Seine Mutter hatte ihm so einen Ort niemals geschaffen. Oft hatte er gehört, wie sie bei anderen darüber referiert hatte, wie wichtig die eigenen Kinder doch seien, und dass er, Lukas, der Sinn ihres Lebens sei. Aber das war nicht die Wahrheit gewesen. Nur wenn sie alleine war, hatte sie ausgesprochen, was sie wirklich dachte. Und Lukas hatte es manches Mal gehört, wenn sie im Suff ihren Ekel nicht mehr unterdrücken konnte. »Ich habe verkommenes Blut zur Welt gebracht. Der Vater hat es verdorben.«

 

»Noch Wein?«, riss ihn Marion Dorthal aus seinen Gedanken. Sie blickte ihn freundlich an.

»Gerne«, sagte er verlegen und betrachtete die Frau verstohlen. Marion trug ein schlichtes Kleid, das sicher ein Vermögen gekostet hatte. Das blonde Haar war im Nacken zu einem Knoten verschlungen. Seitlich hatten sich ein paar Strähnchen gelöst. Sie wirkte völlig relaxed und war die perfekte Gastgeberin.

Frank und Karina bildeten den Mittelpunkt des Abends. Schon beim Aperitif unterhielten die beiden wie Entertainer die Gäste.

Auch Petra Heerse amüsierte sich prächtig. Ihr entging allerdings nicht, dass sich der junge Kommissar Bürg unter den ständigen Flirtversuchen und zweideutigen Sticheleien seiner Tischnachbarin Karina unwohl fühlte. Auch Marion hätte es lieber gesehen, wenn ihre Schwägerin den jungen Mann nicht so bedrängt hätte.

»Und wieso hast du keine Freundin?«, bohrte diese gerade weiter.

Lukas Bürg gab knappe Antworten und vermied es weitgehend, überhaupt mit Karina zu sprechen. Auch dieses Mal zuckte er nur stumm mit den Schultern und war sichtlich erleichtert, als sich Frank an seine Schwester wandte und das Thema gewechselt wurde.

Beim Essen war die Stimmung ausgelassen. Die Geschwister erzählten witzige Anekdoten und lieferten sich amüsante Wortgefechte. Marion konnte es kaum glauben, dass bis vor wenigen Tagen noch totale Funkstille zwischen den beiden geherrscht hatte. Frank und Karina erinnerten sie an die Geschichten über eineiige Zwillinge, die so verbunden miteinander waren, dass sie die Gefühle des anderen selbst über große Distanzen wahrnehmen konnten.

Petra Heerse unterbrach die Überlegungen der Gastgeberin und die Frauen sprachen eine Weile über die kommenden Theater- und Konzertveranstaltungen.
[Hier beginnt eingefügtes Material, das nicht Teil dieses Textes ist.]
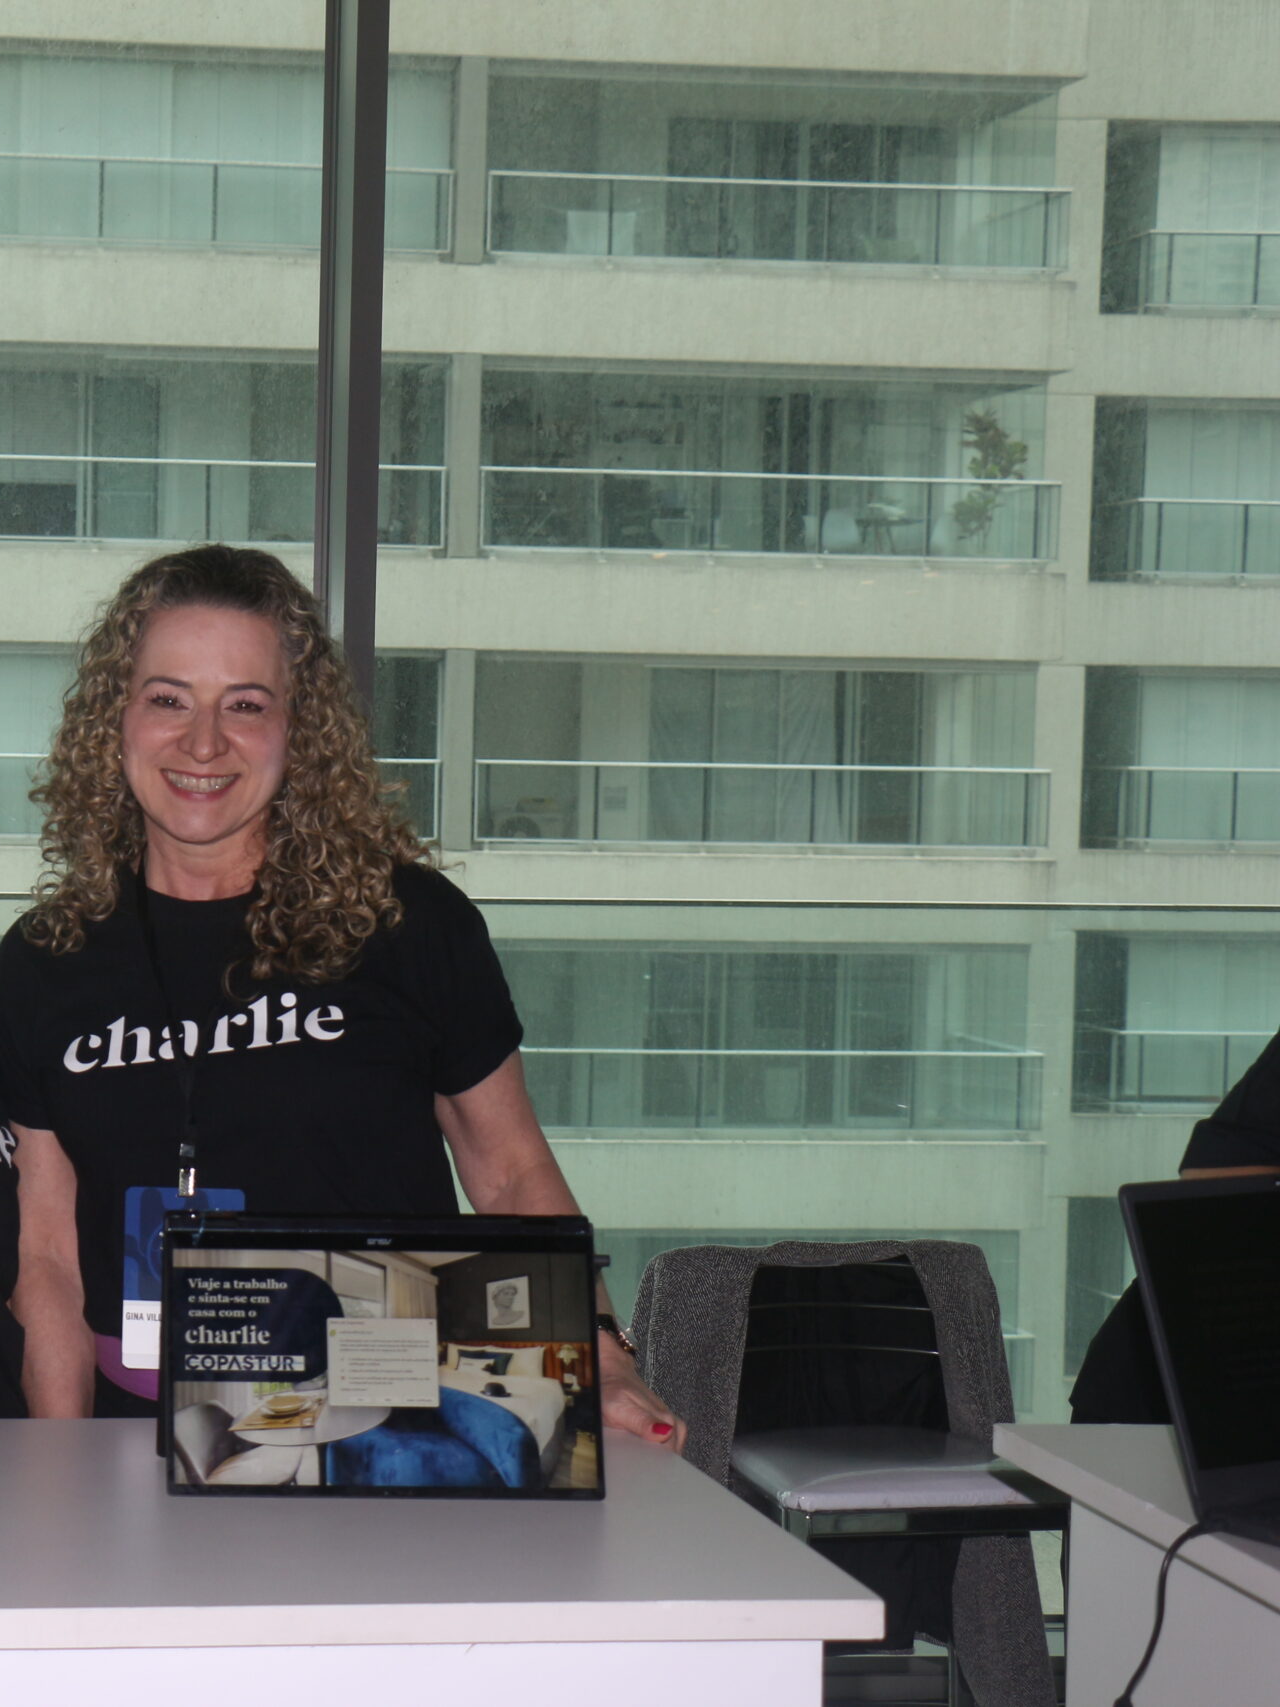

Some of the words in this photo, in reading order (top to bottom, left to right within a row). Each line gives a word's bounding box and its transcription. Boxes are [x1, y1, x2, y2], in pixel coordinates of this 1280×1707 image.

[63, 992, 345, 1073] charlie
[188, 1277, 221, 1291] Viaje
[223, 1280, 231, 1289] a
[233, 1278, 288, 1290] trabalho
[188, 1294, 196, 1303] e
[198, 1292, 247, 1303] sinta-se
[250, 1294, 270, 1304] em
[125, 1311, 144, 1321] GINA
[188, 1309, 216, 1318] casa
[218, 1309, 245, 1318] com
[248, 1309, 257, 1318] o
[184, 1324, 270, 1345] charlie
[185, 1355, 295, 1371] COPASTUR
Rolf Heerse, der im Gegensatz zu seiner Frau nicht allzu viel für die schönen Künste übrig hatte, warf mit einem vorwurfvollen Seitenblick auf Petra ein, dass er nur gezwungenermaßen ins Theater gehen würde.
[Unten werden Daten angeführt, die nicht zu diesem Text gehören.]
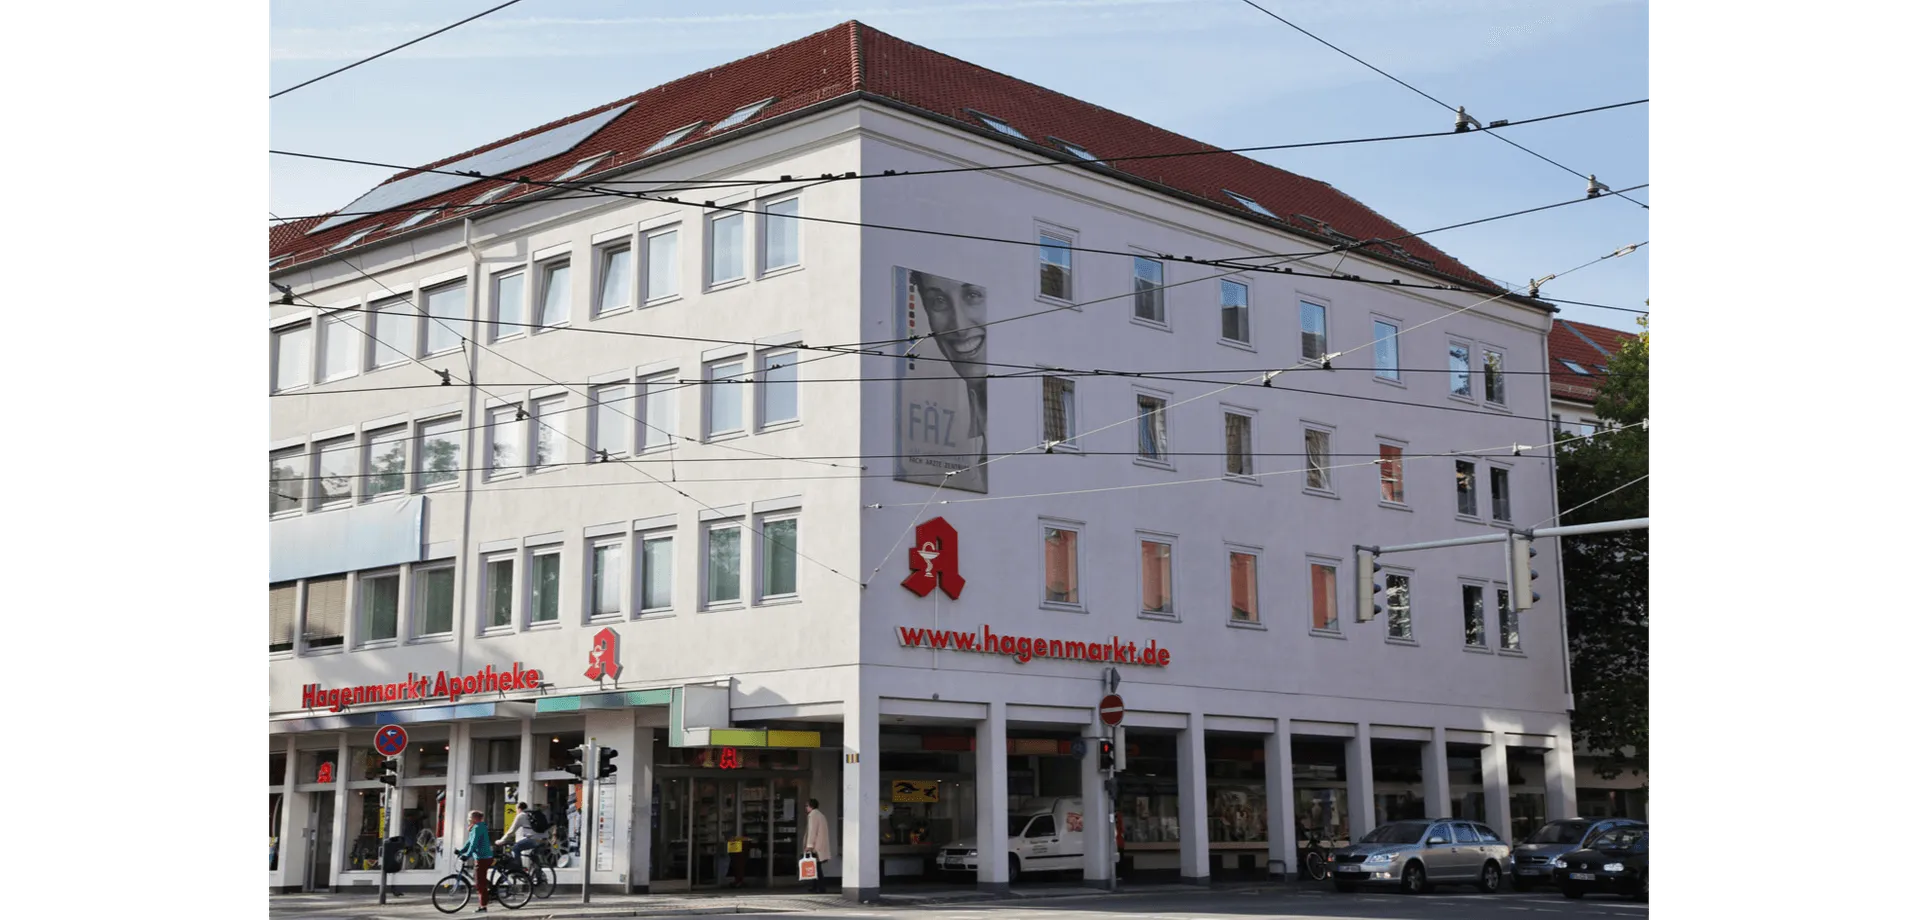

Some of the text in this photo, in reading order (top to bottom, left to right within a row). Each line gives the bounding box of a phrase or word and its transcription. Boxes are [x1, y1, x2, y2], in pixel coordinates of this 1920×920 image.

Frau Heerse zwinkerte ihrer Gesprächspartnerin zu und sagte in vertraulichem Ton: »Letztes Jahr waren wir in einem Kriminalstück, da hat er am Ende sogar ›Bravo‹ gerufen!«

»Das war auch klasse«, erwiderte Heerse und schaufelte den letzten Löffel Karamellcreme in den Mund.

Zufrieden lehnte sich der Hauptkommissar zurück und dachte an die letzten Tage, die ihn und seine Mitarbeiter zusammengeschweißt hatten. Er war froh, dass ihr Verhältnis mittlerweile so gut war. Der heutige Abend bestätigte das umso mehr.

Was sie in den letzten Wochen hatten sehen müssen, war nur als Team zu ertragen. Obwohl er von Anfang an vermutet hatte, dass Frank Dorthal Karriere machen wollte, hoffte er nun insgeheim, dass der Oberkommissar es doch noch eine Weile in seiner Abteilung aushalten würde. Und als ob die Gedanken an die Arbeit auch gleich Folgen hätten, klingelte Heerses Diensthandy.

Mit einer entschuldigenden Geste stand er auf und zog sich in eine Ecke zurück. Das Gespräch dauerte nicht lange – als Heerse aufgelegt hatte, bat er Frank, den Fernseher einzuschalten.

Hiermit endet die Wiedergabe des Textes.